| Problem details |
Every entry must be repeated exactly. Exclude all pictures.
────────────────────
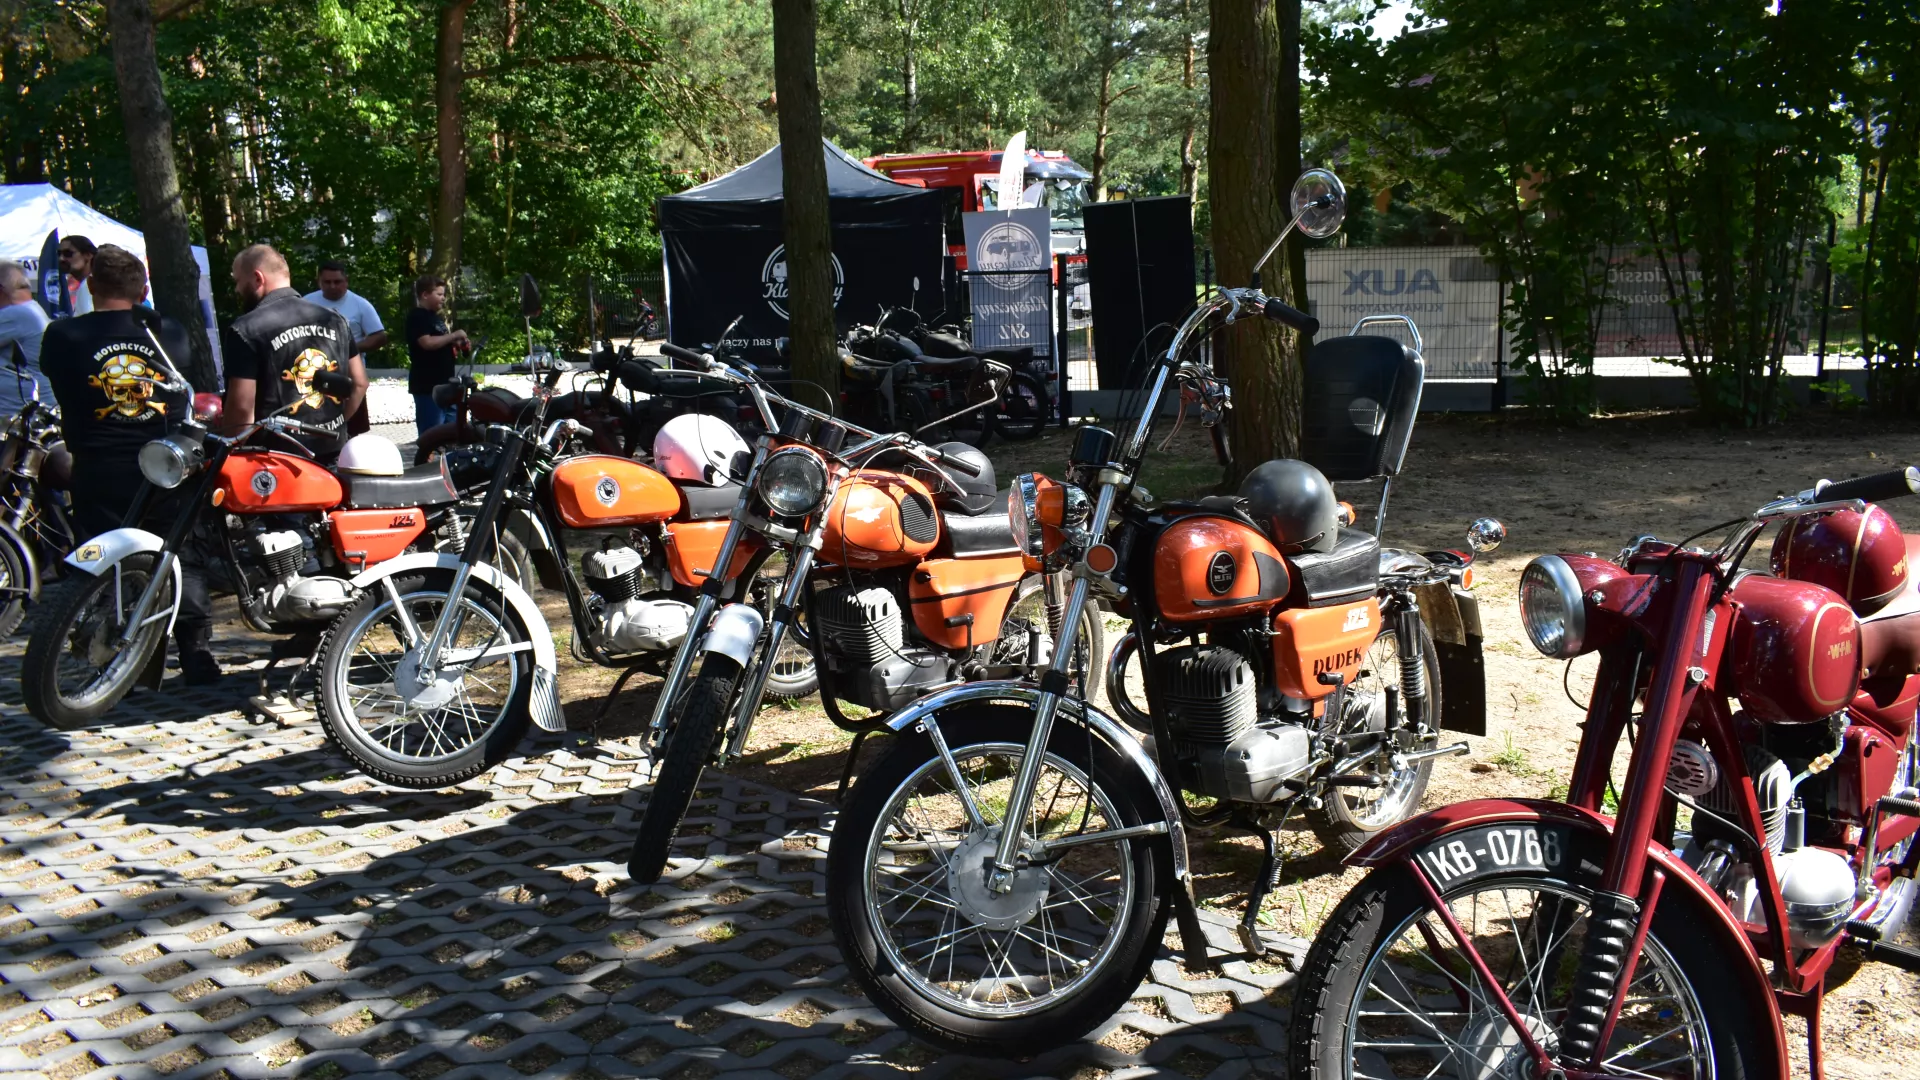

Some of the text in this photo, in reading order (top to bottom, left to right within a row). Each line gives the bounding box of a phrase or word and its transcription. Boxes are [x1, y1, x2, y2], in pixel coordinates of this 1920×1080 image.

[270, 324, 337, 351] MOTORCYCLE
[752, 338, 772, 346] nas
[93, 342, 156, 362] MOTORCYCLE
[1313, 647, 1363, 676] DUDEK
[1427, 829, 1561, 881] KB-0768
────────────────────
| Exercise answer |
Some of the text in this photo, in reading order (top to bottom, left to right within a row). Each line gives the bounding box of a phrase or word and its transcription. Boxes are [x1, y1, x2, y2], in pixel coordinates of this 1920×1080 image.

[270, 324, 337, 351] MOTORCYCLE
[752, 338, 772, 346] nas
[93, 342, 156, 362] MOTORCYCLE
[1313, 647, 1363, 676] DUDEK
[1427, 829, 1561, 881] KB-0768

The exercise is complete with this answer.